BEFORE I COULD lose my nerve, I ran back to the house and up the stairs, to where Maisie’s room lay. I rapped on her door, a giddy little syncopated sound. When her muffled ‘Come in!’ sounded through the door, I sprang inside, taking her hands in mine – they fitted so perfectly, how could I not? – and whispered:
‘I have something to show you. In the boathouse.’
‘Oh!’ Her eyes grew wide, her face lighting up in excitement. ‘But . . . are you sure? Are you allowed?’
For a moment, I was baffled. ‘Allowed? By whom – Henry?’
‘No, by . . . well, I don’t know! Whoever it is that has had you so bound to secrecy. Parliament? Scotland Yard?’
I held a hand over my mouth to stifle my laughter. ‘No, nothing like that! Come, you’ll see.’

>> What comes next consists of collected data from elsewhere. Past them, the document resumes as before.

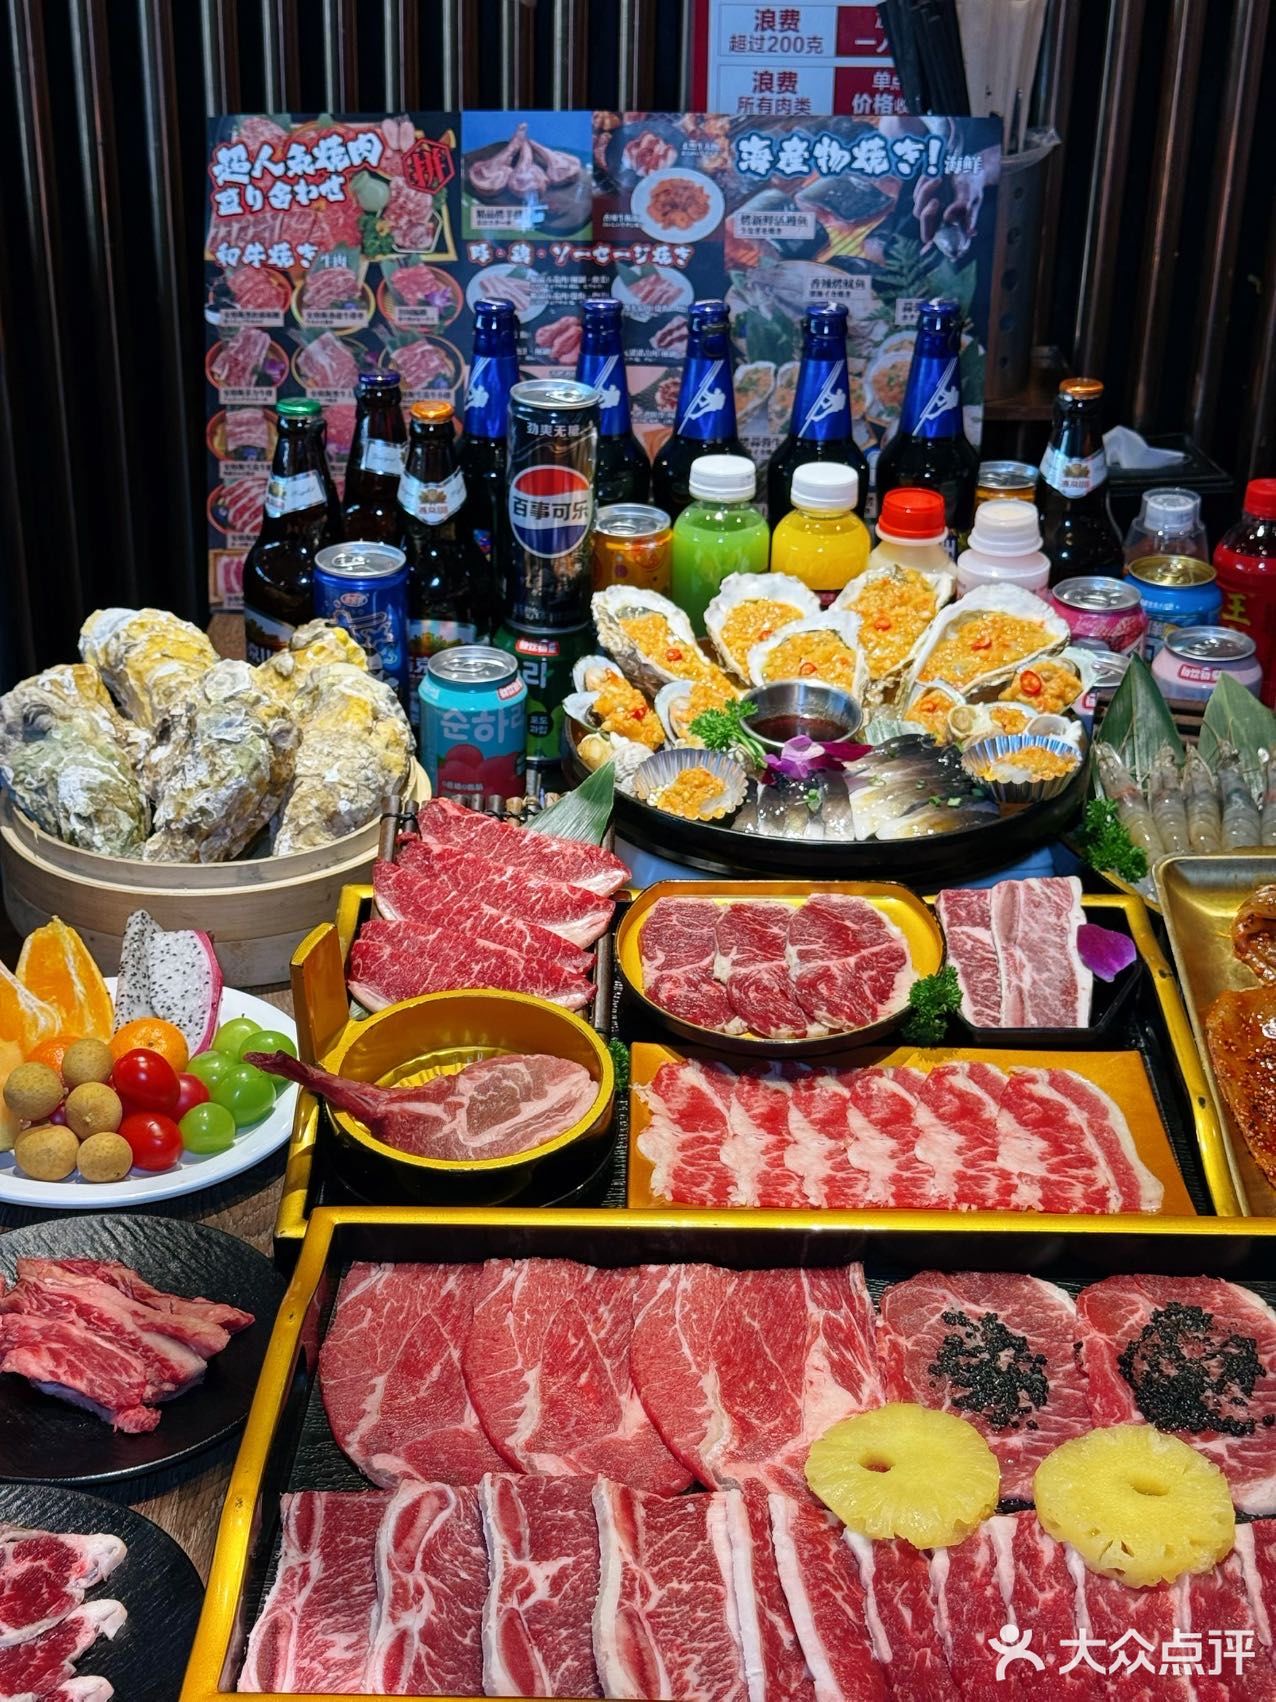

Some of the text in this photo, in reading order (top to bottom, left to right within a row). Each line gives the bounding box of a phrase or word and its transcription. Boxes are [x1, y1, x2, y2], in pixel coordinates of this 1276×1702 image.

[754, 9, 800, 33] 浪费
[729, 35, 824, 54] 超过200克
[752, 71, 798, 95] 浪费
[737, 97, 811, 115] 所有肉类
[526, 422, 580, 437] 劲爽无糖
[512, 498, 589, 521] 百事可乐

We slipped out into the evening. Clarke was already in bed, and Henry dozing by the fire, so we would not be noticed as long as we returned before he awoke. A hazy blanket of mist had settled on the garden, and Maisie and I tiptoed across the grass like ponies, lifting our skirts to keep them dry.

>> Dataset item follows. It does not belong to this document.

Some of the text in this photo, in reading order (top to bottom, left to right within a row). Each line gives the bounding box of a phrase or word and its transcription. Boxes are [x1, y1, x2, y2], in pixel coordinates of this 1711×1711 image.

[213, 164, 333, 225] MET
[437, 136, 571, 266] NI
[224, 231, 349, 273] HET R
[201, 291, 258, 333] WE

‘Here it is!’ I cried once we were inside, unable to contain myself any longer. I thrust the lamp I had been carrying into her hands and strode forward.
‘Here what is? I can’t see anything.’
‘You will in a minute. Bring the light over here.’ I sat by the edge of the water, folding my skirts beneath me. Carefully, I drew my pencil from my pocket and dropped it into the water.
‘What am I looking for?’
‘Shh, just wait.’
Ever so slightly, the surface rippled. I could see the Creature’s silhouette down below, though one might easily have mistaken it for a shadow in the lamp’s flickering light – until it rose from the water with a mighty splash and set its head upon my lap.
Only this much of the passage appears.